[[ Excerpted records open ]]
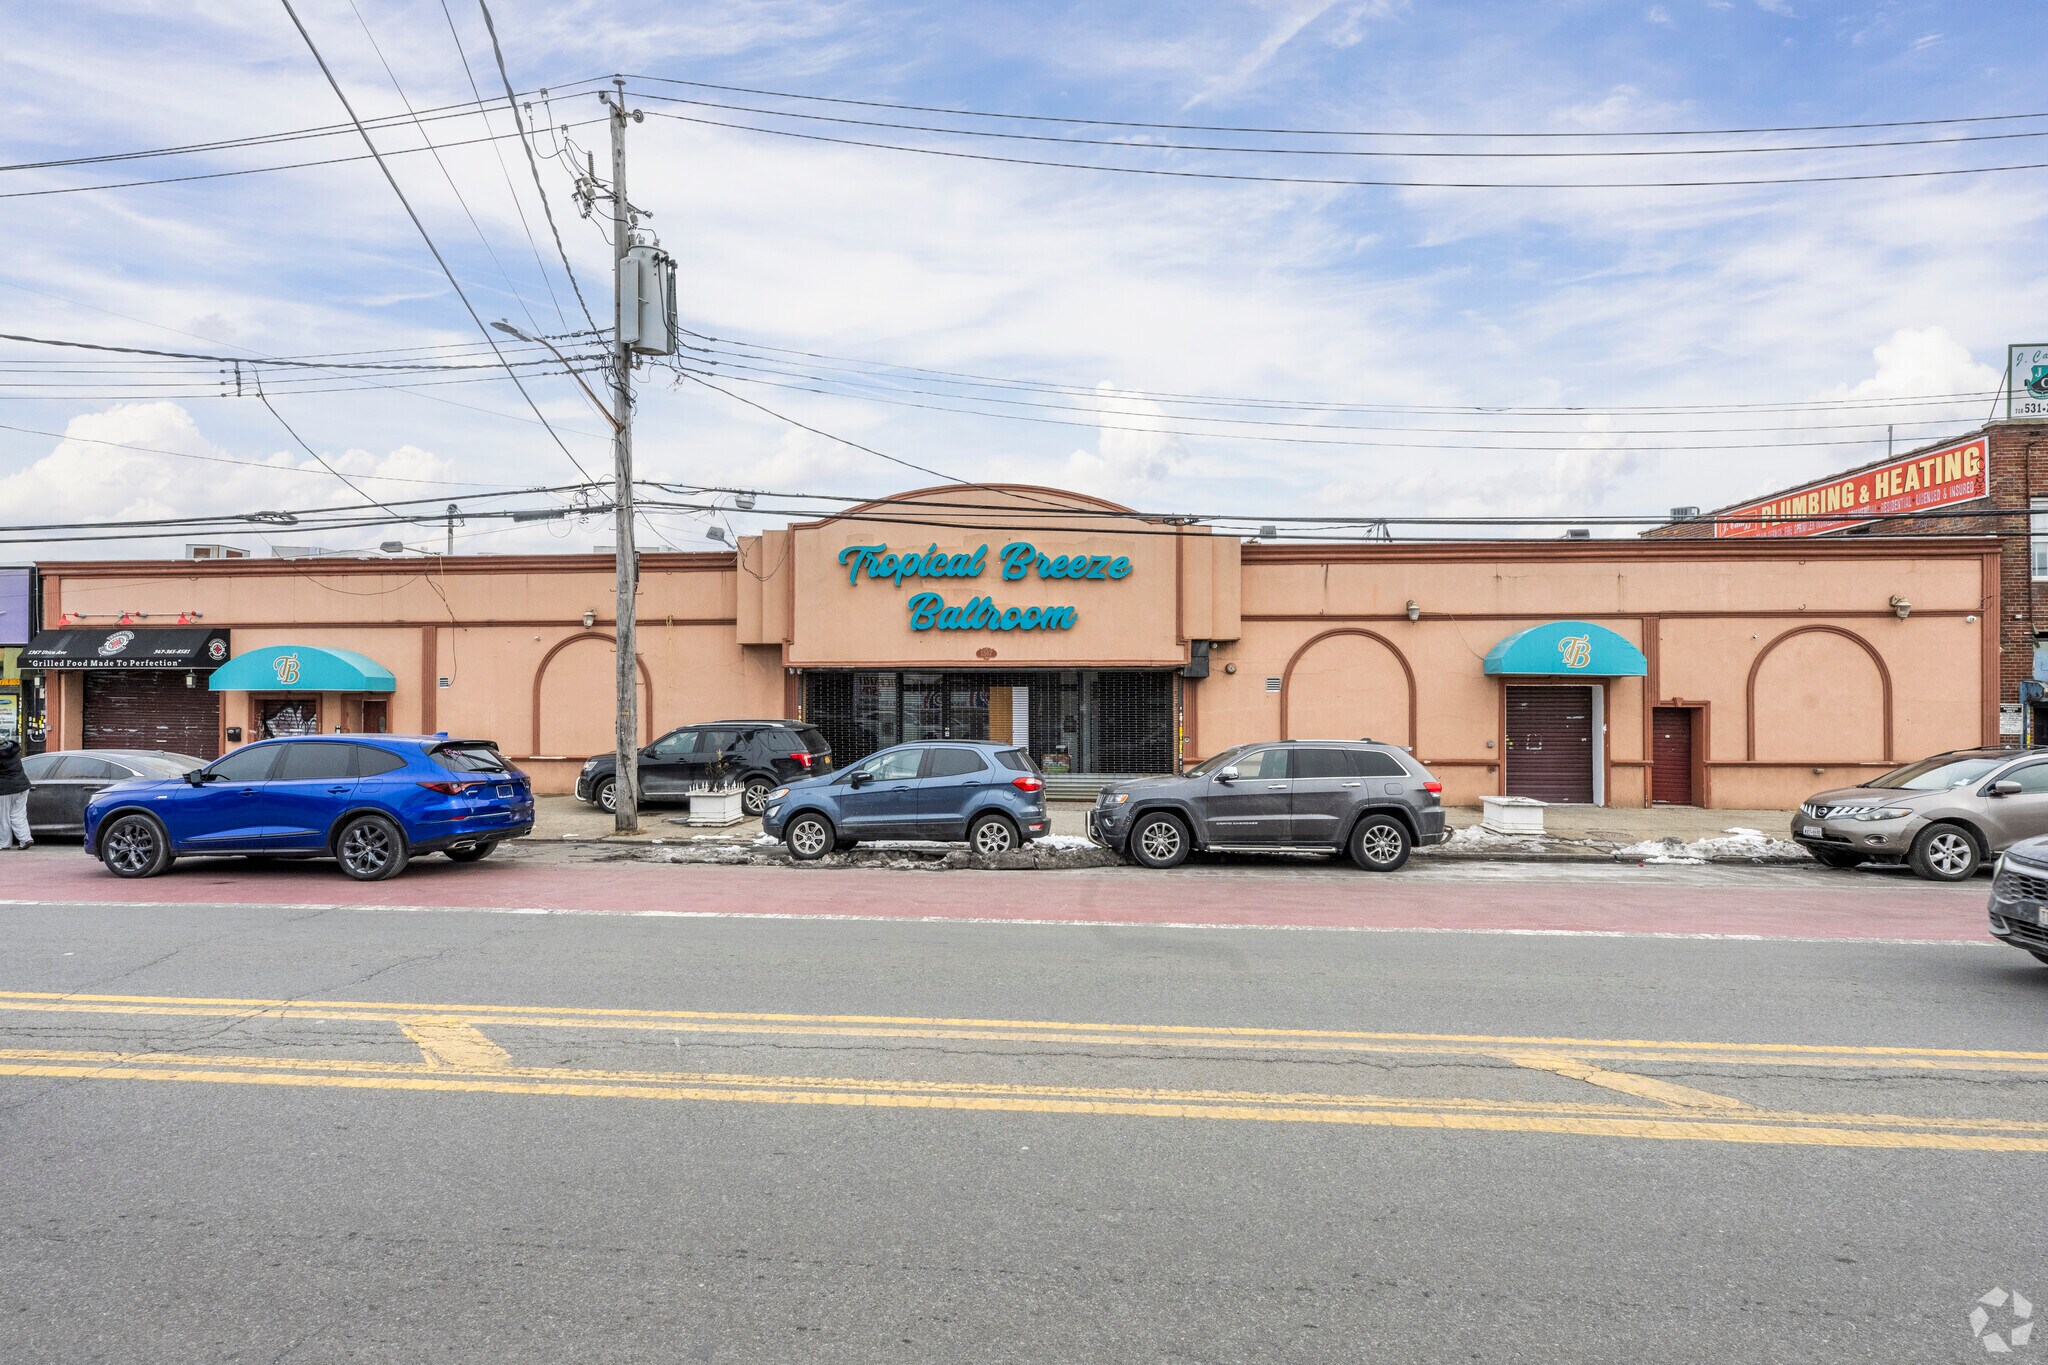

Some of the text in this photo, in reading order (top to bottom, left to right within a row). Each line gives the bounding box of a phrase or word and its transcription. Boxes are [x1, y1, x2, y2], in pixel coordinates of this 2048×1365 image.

[1761, 446, 1980, 529] PLUMBING & HEATING
[1950, 481, 1974, 498] INSURED
[838, 542, 1133, 587] Tropical Breeze
[907, 592, 1078, 631] Ballroom
[66, 659, 88, 667] Food
[90, 659, 114, 667] Made
[116, 659, 128, 667] To
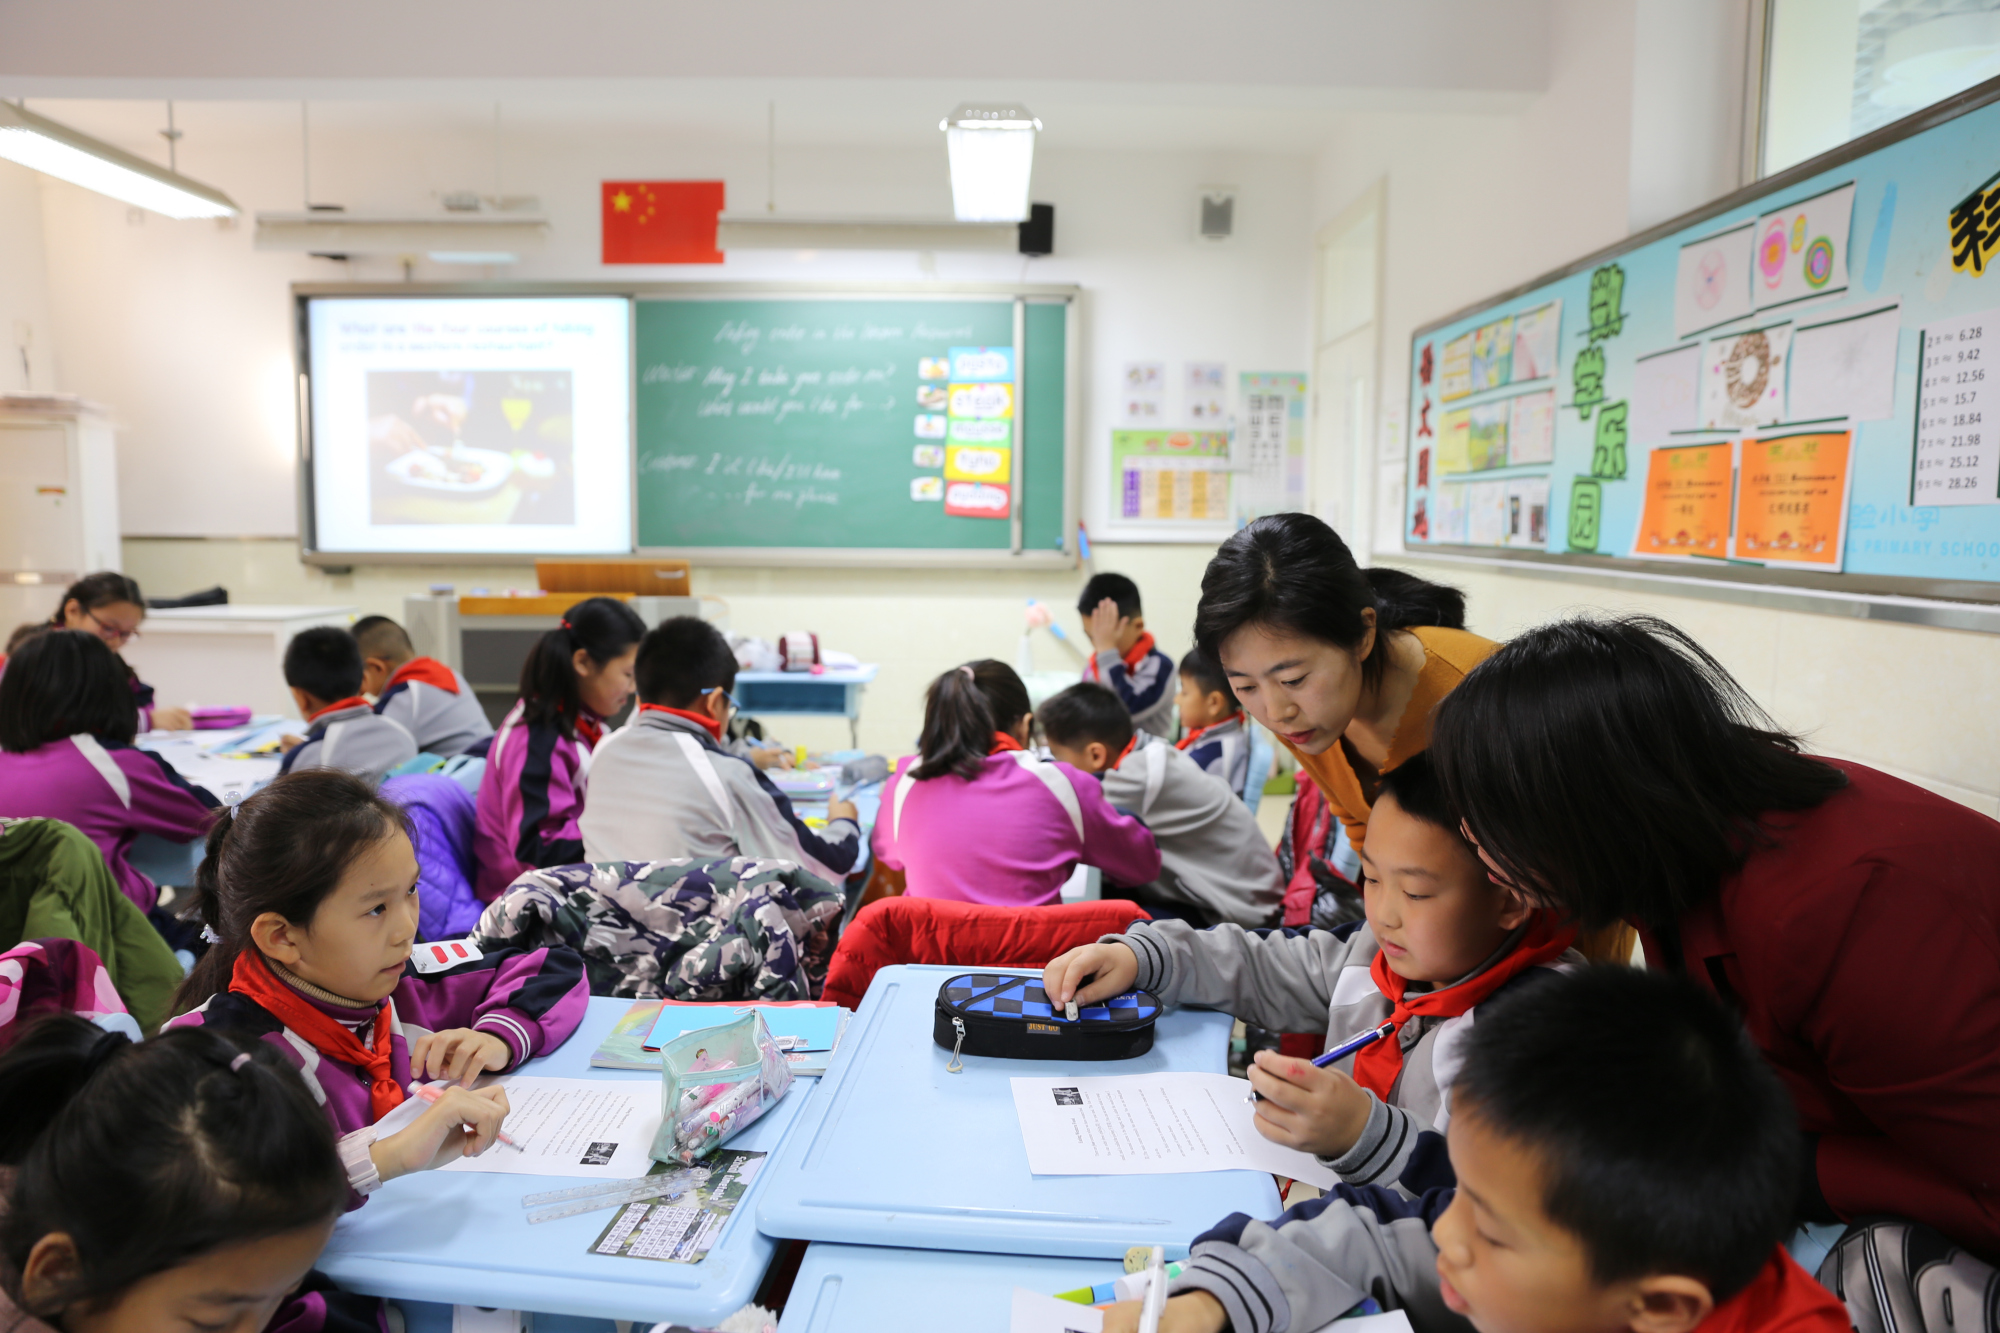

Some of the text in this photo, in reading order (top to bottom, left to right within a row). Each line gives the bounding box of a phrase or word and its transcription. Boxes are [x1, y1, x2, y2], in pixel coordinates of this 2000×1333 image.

[1959, 327, 1982, 341] 6.28
[1957, 349, 1980, 363] 9.42
[1956, 369, 1985, 384] 12.56
[1955, 391, 1976, 405] 15.7
[1953, 412, 1981, 426] 18.84
[1951, 433, 1981, 447] 21.98
[1950, 455, 1978, 468] 25.12
[1948, 476, 1977, 489] 28.26
[1864, 539, 1932, 554] PRIMARY
[1028, 1022, 1046, 1031] JUST
[[ Excerpted records closed ]]
Each record above goes into the copy word for word; the pictures do not.

Solved problem
Some of the text in this photo, in reading order (top to bottom, left to right within a row). Each line gives the bounding box of a phrase or word and its transcription. Boxes are [x1, y1, x2, y2], in pixel coordinates of this 2048×1365 image.

[1761, 446, 1980, 529] PLUMBING & HEATING
[1950, 481, 1974, 498] INSURED
[838, 542, 1133, 587] Tropical Breeze
[907, 592, 1078, 631] Ballroom
[66, 659, 88, 667] Food
[90, 659, 114, 667] Made
[116, 659, 128, 667] To

Some of the text in this photo, in reading order (top to bottom, left to right within a row). Each line gives the bounding box of a phrase or word and its transcription. Boxes are [x1, y1, x2, y2], in pixel coordinates of this 2000×1333 image.

[1959, 327, 1982, 341] 6.28
[1957, 349, 1980, 363] 9.42
[1956, 369, 1985, 384] 12.56
[1955, 391, 1976, 405] 15.7
[1953, 412, 1981, 426] 18.84
[1951, 433, 1981, 447] 21.98
[1950, 455, 1978, 468] 25.12
[1948, 476, 1977, 489] 28.26
[1864, 539, 1932, 554] PRIMARY
[1028, 1022, 1046, 1031] JUST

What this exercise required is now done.